Comment 2 Greg Marsden 2004-08-27 21:21:22 UTC
Taking discussion into bugzilla.

Comment 5 Larry Woodman 2004-09-08 19:33:24 UTC
Greg, I am still having trouble understanding exactly why this patch
is going to help.  Since this patch is only for a hugemem kernel which
has almost 4GB of lowmem, what good will providing an additional 16MB
of do if we have already consumed almost 4GB of lowmem in the
slabcache, etc?
If we arent reclaiming buffer headers, etc. when there is almost 4GB
worth of them allocated, will 16MB more really help or should we
really go after the try_to_reclaim_buffers path?

Thanks, Larry Woodman


Comment 6 Greg Marsden 2004-09-08 20:31:18 UTC
There's no reason why this patch only affects the hugemem kernel...
there is clearly highmem in the -smp kernels as well...

[1] gmarsden@ca-build2:/build/gmarsden/2.4.21-20.EL/SOURCES$ grep
HIGHMEM64 kernel-2.4.21-i686-smp.config
CONFIG_HIGHMEM64G=y
[0] gmarsden@ca-build2:/build/gmarsden/2.4.21-20.EL/SOURCES$ grep
HIGHMEM64 kernel-2.4.21-i686-hugemem.config
CONFIG_HIGHMEM64G=y

and of course the original code is:
#ifdef CONFIG_HIGHMEM64G
                               break;
#endif

So clearly this patch applies to -smp kernels, where it does make a
significant difference.

Greg





Comment 7 Larry Woodman 2004-09-09 11:35:28 UTC
You are correct, the CONFIG_HIGHMEM64G option is included as well.
However, this patch will allow callers of __alloc_page() that specify
GFP_HIGHMEM and if both the Higmmem and Normal zones are exhausted
fall all the way back down to the DMA zone.  We want to reserve
fallback to the DMA zone to GFP_KERNEL allocations which start in the
Normal zone.

Something like this OK with you?

***********************************************************************
--- linux-2.4.21/mm/page_alloc.c.orig   2004-09-08 18:08:38.000000000
-0400
+++ linux-2.4.21/mm/page_alloc.c        2004-09-08 18:08:41.000000000
-0400
@@ -1030,6 +1030,7 @@
                        k = ZONE_DMA;
  
                switch (k) {
+                       int has_highmem = 0;
                        default:
                                BUG();
                        /*
@@ -1042,14 +1043,14 @@
                                        BUG();
 #endif
                                        zonelist->zones[j++] = zone;
+                                       has_highmem = 1;
                                }
                        case ZONE_NORMAL:
                                zone = pgdat->node_zones + ZONE_NORMAL;
                                if (zone->size)
                                        zonelist->zones[j++] = zone;
-#ifdef CONFIG_HIGHMEM64G
+                       if (k == ZONE_HIGHMEM && has_highmem)
                                break;
-#endif
                        case ZONE_DMA:
                                zone = pgdat->node_zones + ZONE_DMA;
                                if (zone->size)
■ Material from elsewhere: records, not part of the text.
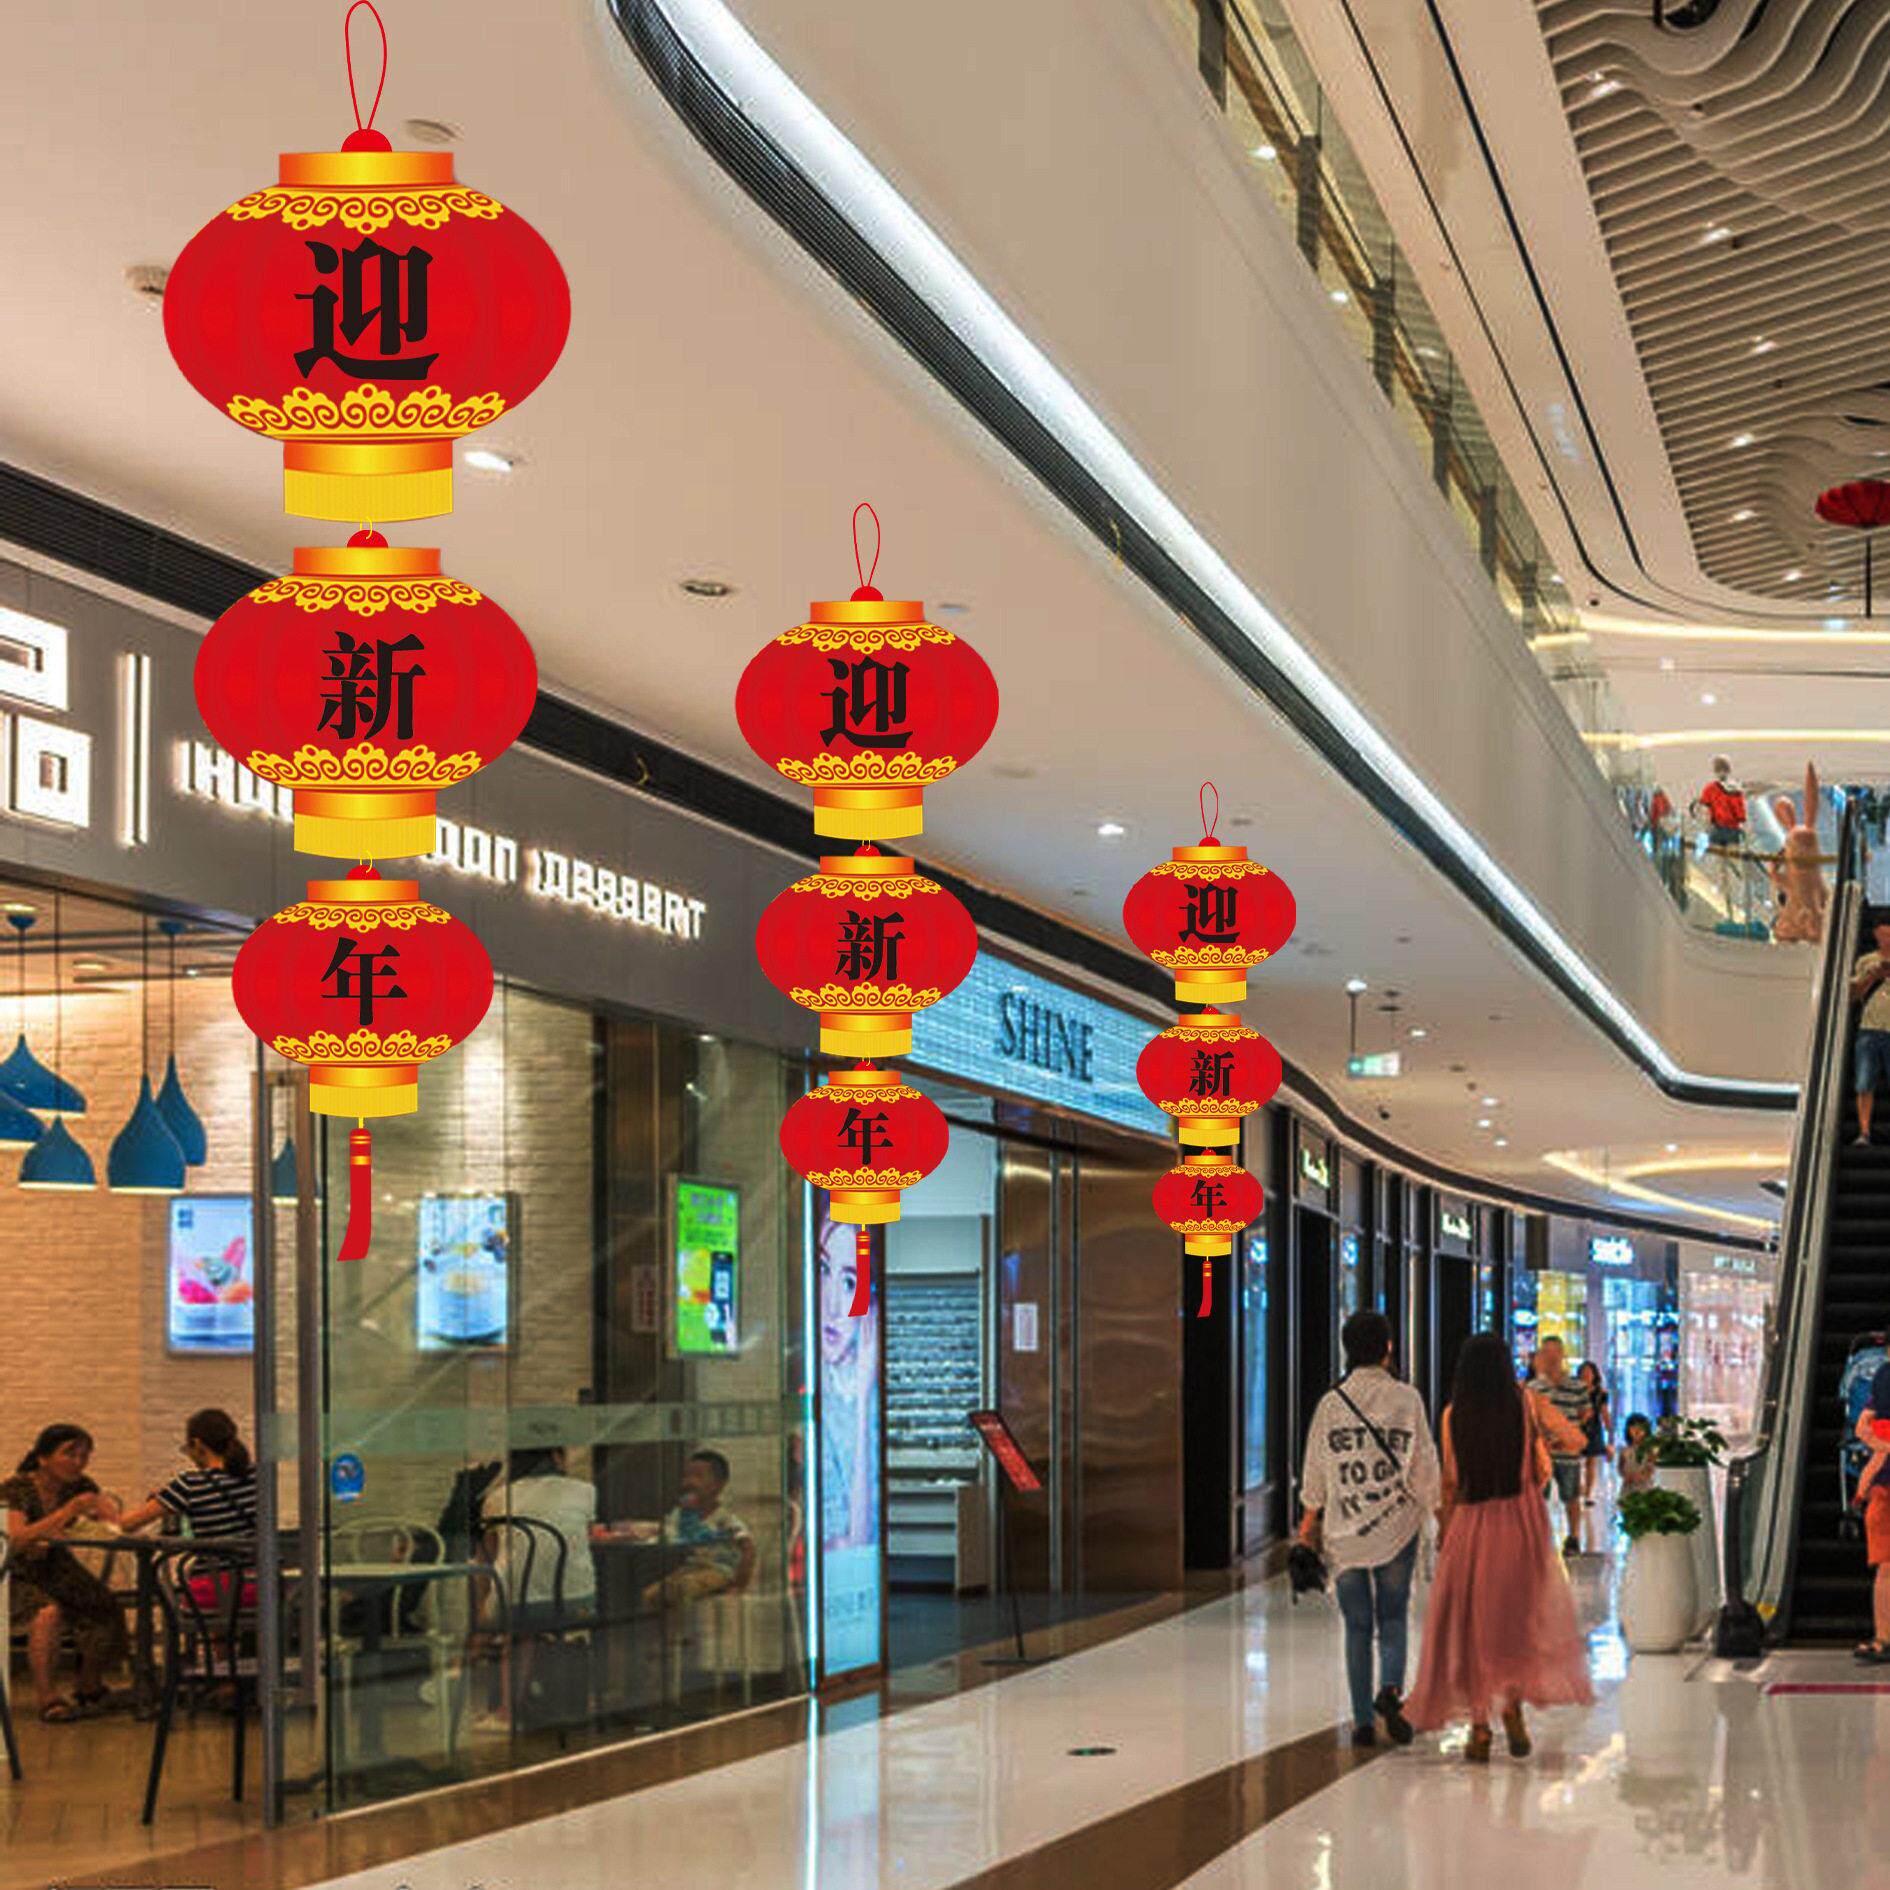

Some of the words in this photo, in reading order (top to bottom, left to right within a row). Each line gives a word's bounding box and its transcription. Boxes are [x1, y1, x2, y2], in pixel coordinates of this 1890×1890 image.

[294, 238, 439, 381] 迎
[318, 631, 426, 740] 新
[819, 656, 913, 749] 迎
[836, 910, 905, 981] 新
[1179, 883, 1240, 943] 迎
[321, 937, 407, 1026] 年
[1000, 990, 1093, 1083] SHINE
[1189, 1050, 1235, 1097] 新
[837, 1107, 893, 1165] 年
[1191, 1179, 1227, 1217] 年
[1327, 1426, 1367, 1453] GET
Comment 8 Greg Marsden 2004-09-09 21:15:02 UTC
has_highmem is probably not necessary here, seeing as we're talking
about RPC allocations and not highmem. I have no issue with the extra
GFP check, that would probably improve performance once we hit this
state...

Comment 9 Rik van Riel 2004-09-09 21:32:28 UTC
Greg, the thing is that we would like to reserve the DMA zone for just
kernel allocations (at least, on systems with lots of memory).
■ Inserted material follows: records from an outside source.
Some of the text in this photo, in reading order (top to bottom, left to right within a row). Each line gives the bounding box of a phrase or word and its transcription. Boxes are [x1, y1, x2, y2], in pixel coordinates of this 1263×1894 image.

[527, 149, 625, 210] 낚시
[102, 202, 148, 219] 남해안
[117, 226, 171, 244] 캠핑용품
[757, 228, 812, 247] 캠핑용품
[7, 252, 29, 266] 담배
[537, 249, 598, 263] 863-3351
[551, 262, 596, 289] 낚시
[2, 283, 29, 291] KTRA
This would give the kernel an extra 16MB space that user and page
table allocations can't take. Having user allocations eat up those
16MB wouldn't help at all when trying to improve the reliability of
kernel memory allocations...

Comment 10 Greg Marsden 2004-09-09 22:05:48 UTC
This is a NFS issue with being unable to allocate memory. I still
havent been able to find an alt-sysrq m for the problem, but it's not
that hard to reproduce, I just haven't had the time. You just use
Manish's mempressure module to eat up most of lowmem (doing
kmallocs...the module is at
http://oss.oracle.com/projects/codefragments/src/trunk/mempressure/
Then do some NFS intense operations, and you'll find that you still
have 16 MB of lowfree available, and running into hangs as the kernel
runs out of memory (fragmentation) but doesnt realize it.

I'm not talking about user allocs at all.
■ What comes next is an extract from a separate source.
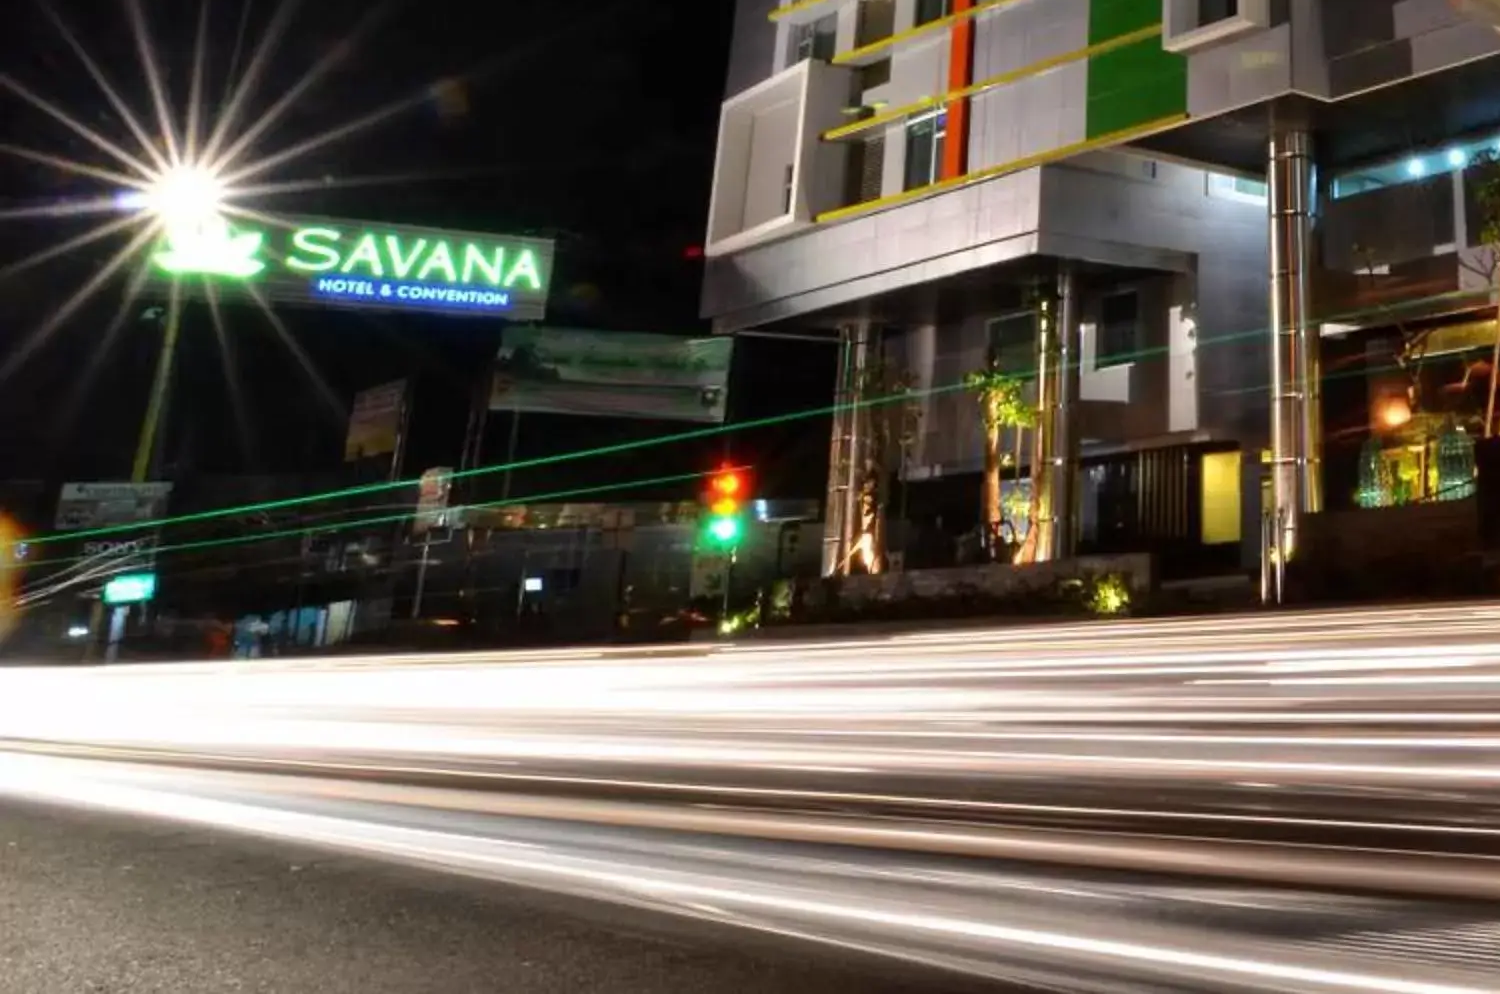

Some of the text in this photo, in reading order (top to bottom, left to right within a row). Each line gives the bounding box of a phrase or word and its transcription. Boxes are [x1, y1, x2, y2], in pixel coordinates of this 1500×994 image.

Bill is a bit more eloquent in his description of the issue:

        *** WIRWIN  05/14/04 02:20 pm ***
        sysrq m shows that zone fallback logic in addition to
fragmentation are
        involved. ZONE_DMA has sufficient contiguous memory to satisfy the
        allocations, yet on account of *lacking* memory pressure on
ZONE_NORMAL,
        fallback of the allocation is forbidden. In turn, the
allocating process
        sees that the memory is available but the request failed
anyway, and so
        sleeps temporarily before retrying, which process may be repeated
        indefinitely. While a satisfactory solution to the high-level
"NFS broke"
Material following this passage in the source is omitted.